Эти квартиры дороже обычных. В самом деле, ведь и за витрины надо платить, и за двор с ширмами, и за фигурку Эроса во дворе, да и сами квартиры, естественно, здесь намного дороже обычных. Должны же организаторы "центра" хоть как-то возместить свои потери. Нет, не зря старались некие влиятельные лица.

Эротический центр приносит им бешеные доходы.

Пока он строился, Сильвия жила надеждами. И вот рухнуло все. Именно тогда и подобрал ее Брегберг. Как это произошло, выяснить не удалось. Можно только предположить, что он был ее клиентом. И твердо мож. - но сказать, что погибающая женщина, готовая на все, чтобы отомстить людям за свою страшную жизнь, и спасенная Брегбергом, будет преданно выполнять его волю. Уж у нее не разгуляются смазливые официантки и эта ведьма Хильда.

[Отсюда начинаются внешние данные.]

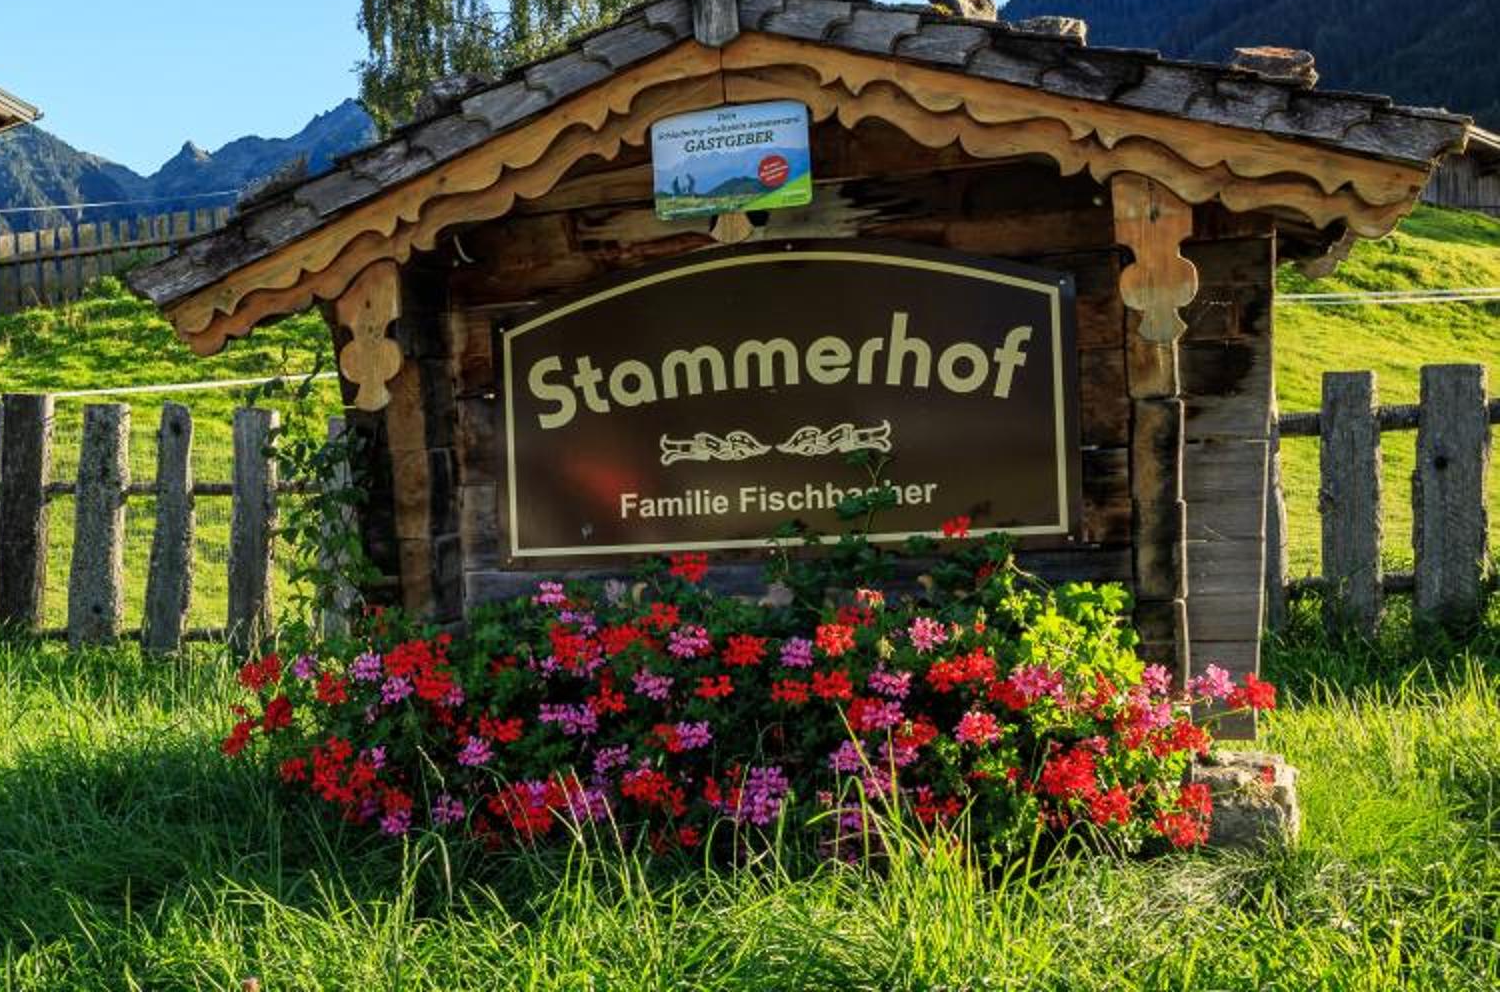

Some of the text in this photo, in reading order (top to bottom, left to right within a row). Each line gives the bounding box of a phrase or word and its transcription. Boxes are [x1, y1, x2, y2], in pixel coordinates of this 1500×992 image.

Сильвия превзошла ожидания Брегберга. По ее предложению началась иная жизнь в дальнем флигеле, затянутом зеленью. Там всего пять комнат. В одной жила Сильвия, а четыре бесплатно предоставлялись проституткам. Но каждый клиент оплачивал суточную стоимость номера. Четырехкратную плату и получала Сильвия для фрау Хильды Марии Шредер.

На номера флигеля был огромный спрос. Это и понятно. Где видано, чтобы женщина имела ключ от благоустроенного номера и решительно ничего за это не платила? И Сильвия отдавала ключ самым красивым, чтобы клиентов было больше.

Сильвия работала много. Она рассчитывалась с посетителями ресторана вне зависимости от того, кто их обслуживал, собирала дань с женщин из флигеля, следила за сменой белья в номерах главного здания, за чистотой, наблюдала за всем, что делается в отеле.

Честно ведя себя по отношению к фрау Шредер, Сильвия все до пфеннига отдавала ей. Благодарная Брегбергу за то, что он вытащил ее из грязи, точную сумму выручки сообщала ему.

Чтобы помочь фрау Шредер, Брегберг по утрам садился за серьезную работу. По копиям счетов определял сумму, полученную с постояльцев главного здания, подсчитывал общее поступление за сутки, определял сумму платежей на предстоящий день. Итоги подсчетов сообщал фрау Шредер. А она уже хорошо знала, что оставшуюся сумму надо отдать ему для передачи в кассу партии, которая ведет борьбу за то, чтобы возродились в стране старые порядки. Тогда не придется дрожать за свой отель.

Фрау Шредер догадывалась - не все он отдает в партийную кассу, а возможно, и вовсе ничего туда не дает, но она как-то упустила тот момент, когда можно было решительно воспротивиться Брегбергу, те первые дни, когда он только начал забирать все доходы, а теперь уже было поздно. И, покорно отдавая деньги, она все надеялась на что-то лучшее, на какие-то перемены в ее жизни, хотя не видела, откуда они могут прийти.

В первый день пребывания в отеле мне казалось, что все там очень хорошо. Правда, промелькнули некоторые странные детали, но я отмахивался от них, понимая, что они мелки и случайны. А потом все представилось в ином свете.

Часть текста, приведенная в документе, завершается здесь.